A positive T-lymphocyte CDC-XM in the absence of IgM autoantibodies is currently an absolute contraindication to kidney transplantation. One the other hand, the importance of a positive B-lymphocyte crossmatch should be interpreted together with the Luminex test.14 This is because as much as 50% of B-cell CDC-XM results can be false positive.15 Thus, a positive B-cell result is considered as a relative contraindication to transplantation. An advantage of performing CDC-XM test is that it detects complement-fixing antibodies, which are graft-damaging. The other is that transplant laboratories are experienced with its use. Some of the disadvantages of CDC-XM are that: (a) it cannot detect low antibody titers, (b) its accuracy is affected by viability of the lymphocytes, (c) it is not specific as to which antibody is causing the positive result, (d) it detects IgM autoantibodies and non-HLA antibodies and (e) inter-observer differences may occur. Figure 2 below illustrates the CDC-XM steps.
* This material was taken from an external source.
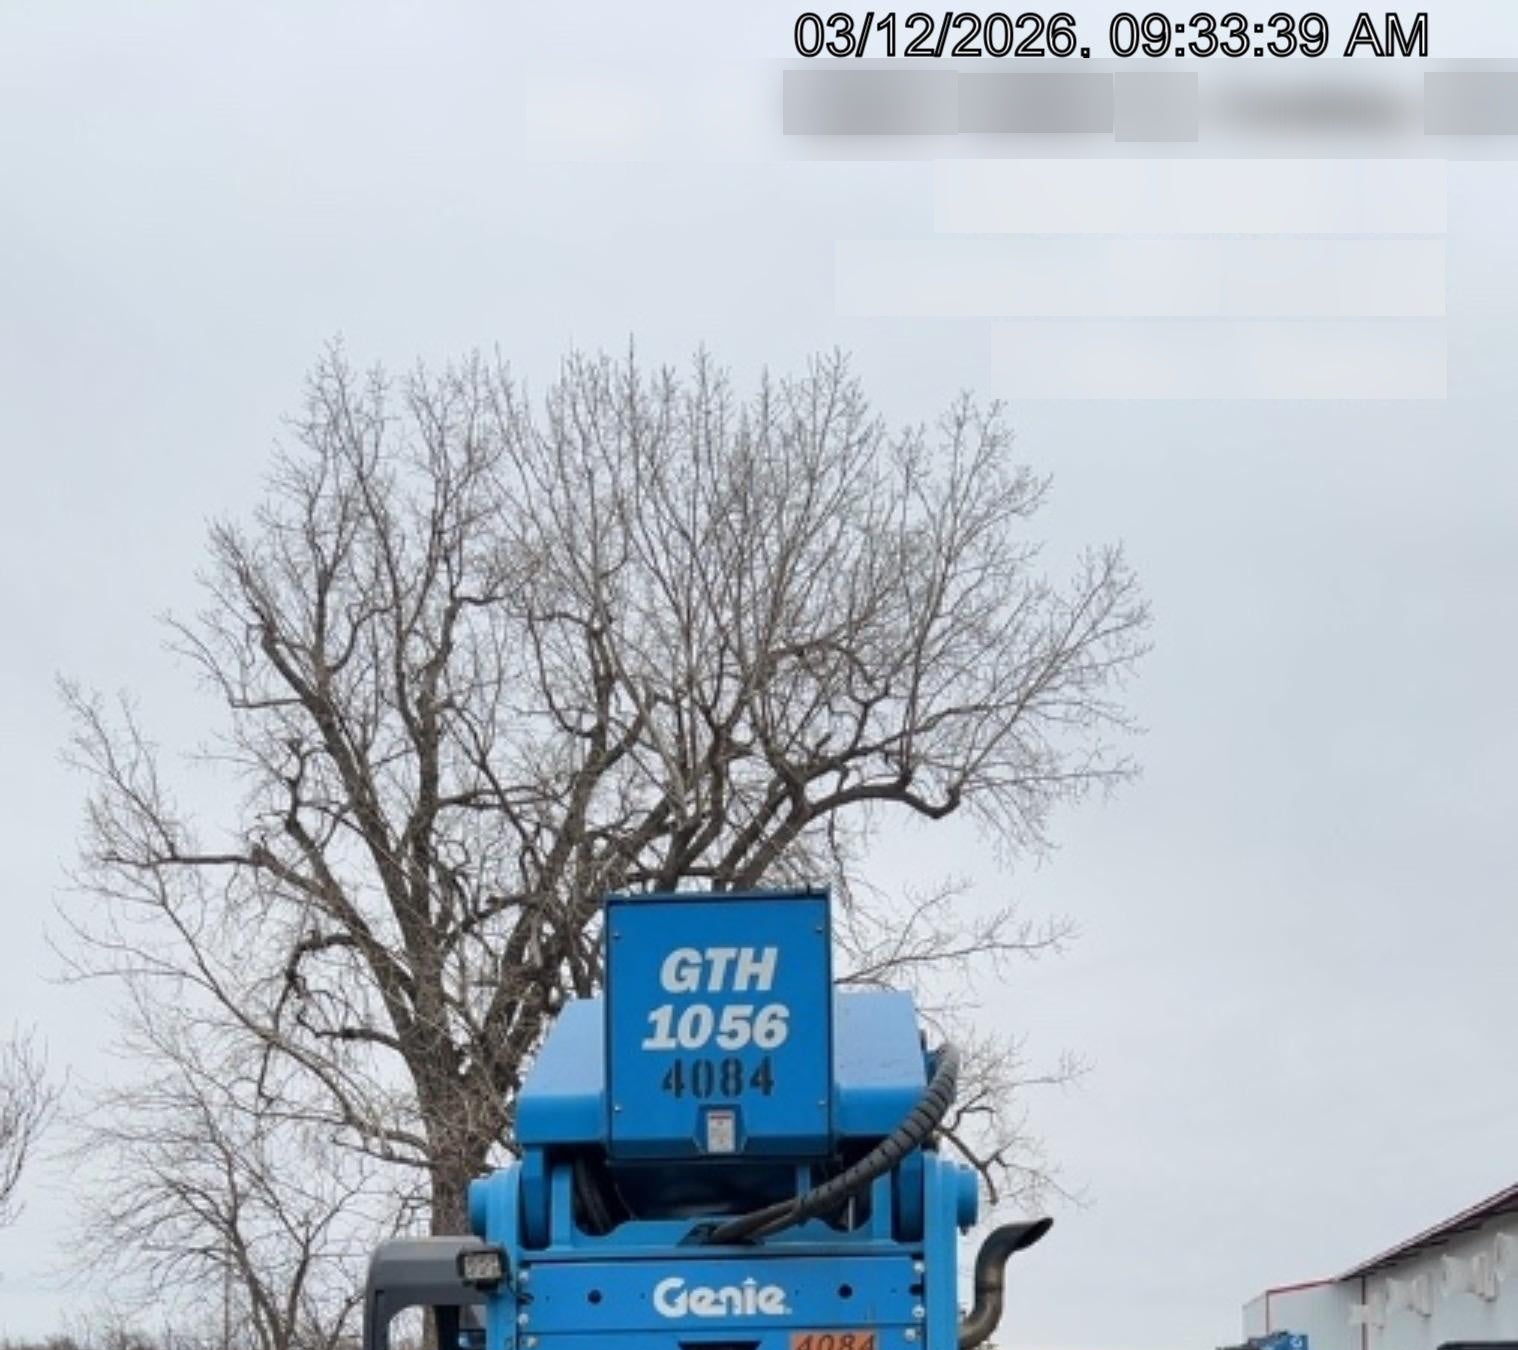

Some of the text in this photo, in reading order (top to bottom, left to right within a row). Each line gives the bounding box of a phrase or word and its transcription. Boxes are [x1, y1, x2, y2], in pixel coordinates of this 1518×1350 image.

[660, 947, 779, 993] GTH
[641, 1003, 790, 1050] 1056
[662, 1056, 775, 1099] 4084
[653, 1277, 787, 1318] Genie
Figure 2 The CDC-XM technique flowchart [8]. Recipient serum potentially containing donor specific anti-HLA antibodies is added to donor T or B lymphocytes, along with complement (A). If donor-specific antibodies are not present, no lysis occurs and the result is deemed negative (B). If donor-specific anti-HLA antibodies bind to the lymphocytes and then activate complement, cell lysis will occur and the crossmatch result will be deemed positive (C). The proportion of lysed cells is assessed and the crossmatch is graded a being weakly, moderately or strongly positive.
(Curtesy: William R. Mulley, John Kanellis. Understanding crossmatch testing in organ transplantation: A case-based guide for the general nephrologist. Nephrology 2011; 16(2): 125-133.)
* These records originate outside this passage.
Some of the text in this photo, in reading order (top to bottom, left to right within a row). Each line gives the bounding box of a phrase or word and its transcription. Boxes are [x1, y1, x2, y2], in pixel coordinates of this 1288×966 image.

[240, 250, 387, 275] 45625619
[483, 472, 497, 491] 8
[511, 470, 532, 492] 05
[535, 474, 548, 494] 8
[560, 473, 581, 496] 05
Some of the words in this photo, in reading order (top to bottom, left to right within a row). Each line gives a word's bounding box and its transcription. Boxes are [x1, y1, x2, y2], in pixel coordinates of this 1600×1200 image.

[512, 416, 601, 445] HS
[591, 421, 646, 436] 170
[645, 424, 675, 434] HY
(B) FCXM: FCXM is similar to CDC-XM in that recipient serum and donor T- and B-lymphocytes are utilized as initial components. After 30 minutes of incubation at room temperature, the mixture is washed. Following this, AHG conjugated with fluorescent isothiocyanate is added to target any attached DSA. Incubation at 4°C for 15 minutes follows. Anti-CD3 or CD19 antibody conjugated with phycoerythrin (PE) is then added before incubation for another 15 minutes at 4°C. After washing, a flow cytometer is then used to measure the degree of fluorescence, which is recorded as channel shifts. FCXM is more specific than CDC-XM since it can detect specific DSA iso-types like IgG1, IgG2, and so on. It can also detect complement fixing as well as non-complement fixing antibodies. Additionally, FCXM detects IgG but not IgM antibodies. However, there is no standard channel shift value for a positive test among transplantation centers. A positive FCXM accompanied by a negative CDC-XM could indicate the presence of non-complement-fixing or low titer antibodies. Kidney transplantation in this scenario can result in antibody mediated rejection. A false positive result can be seen in patients on monoclonal antibody therapy such as rituximab.

Solid phase assays

These include ELISA and Luminex. Viable lymphocytes are not needed in solid phase immunoassays.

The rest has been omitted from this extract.